But in the course of looking at media/privacy issues in the context of the demise of the News of the World, I came across this answer by the Minister for Broadband, Communications and the Digital Economy to a question on notice about the ACMA determination by Senator Ludlam. While the public interest reasoning still seems as wacky as ever-the Authority advised the Minister "the public interest justification for the broadcast was very limited and, in the particular circumstances of the case, arose solely on the ground that it explained the Minister's sudden resignation"- ACMA affirmed important propositions about the public interest that seem of enduring importance to the media generally, particularly in the light of current circumstances.
For example that "public figures.. are entitled to privacy protections" although less than private citizens (some politicians will be equally surprised at this); that "conduct in a public place can be the subject of legitimate expectations of privacy" (Mark Day at News' The Australian wouldn't like that); that "s.xual behaviour or preference is generally a private matter"; and that "a public interest must be ‘identifiable' not some mere assertion." Not that there is that much new in this. And has anyone alerted those who work at the News owned Daily Telegraph, where editors have run up "the public are interested=the public interest" argument on several occasions to justify bad calls, to another not new ACMA proposition, that "not all matters that are of interest to the public are matters of public interest"?

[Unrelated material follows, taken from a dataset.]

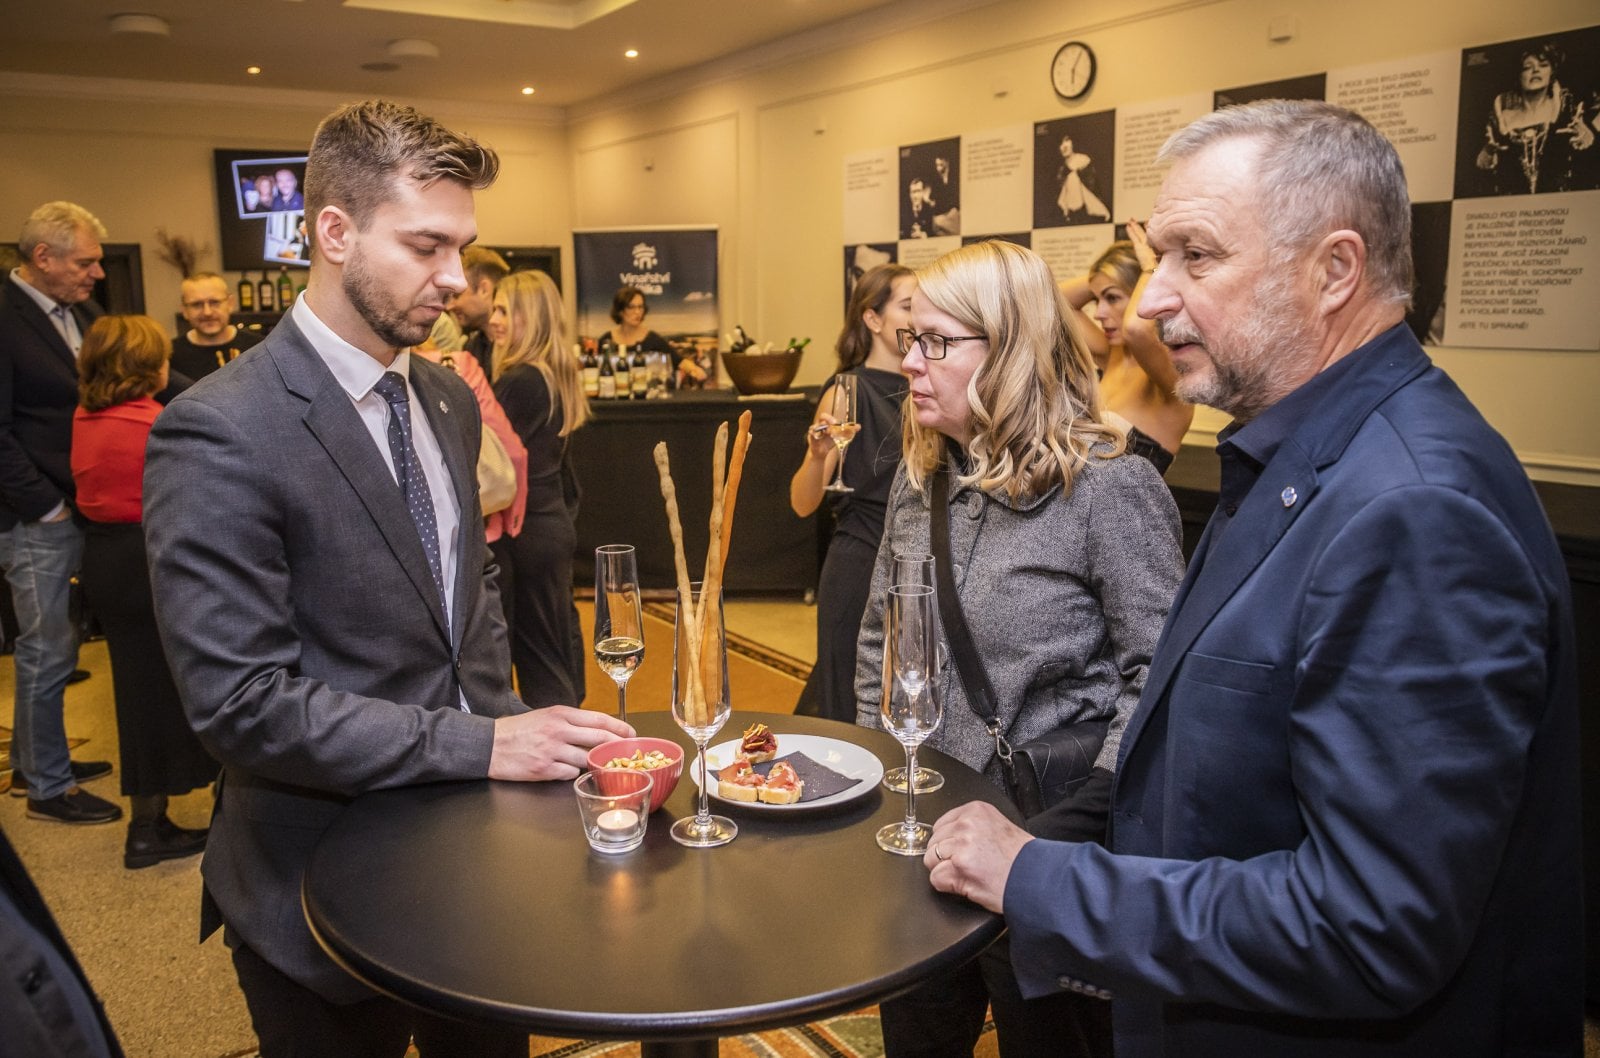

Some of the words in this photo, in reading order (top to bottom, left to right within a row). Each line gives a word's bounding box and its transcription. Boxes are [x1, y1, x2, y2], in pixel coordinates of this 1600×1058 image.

a. Public figures and private citizens alike are entitled to the privacy protections under the Code.
b. Even conduct in a public place can be the subject of legitimate expectations of privacy.
c. A person's s.xual behaviour or preference is generally a private matter.
d. But there is a balance to be struck between an individual's privacy and the broadcast of matters of public interest.
e. Not all matters that are of interest to the public are matters of public interest.
f. Under the Code, a public interest must be ‘identifiable'; not some mere assertion.
g. The public interest exception in the Code (to the prohibition of the broadcast of private material) is more likely to apply in cases involving public figures than private citizens.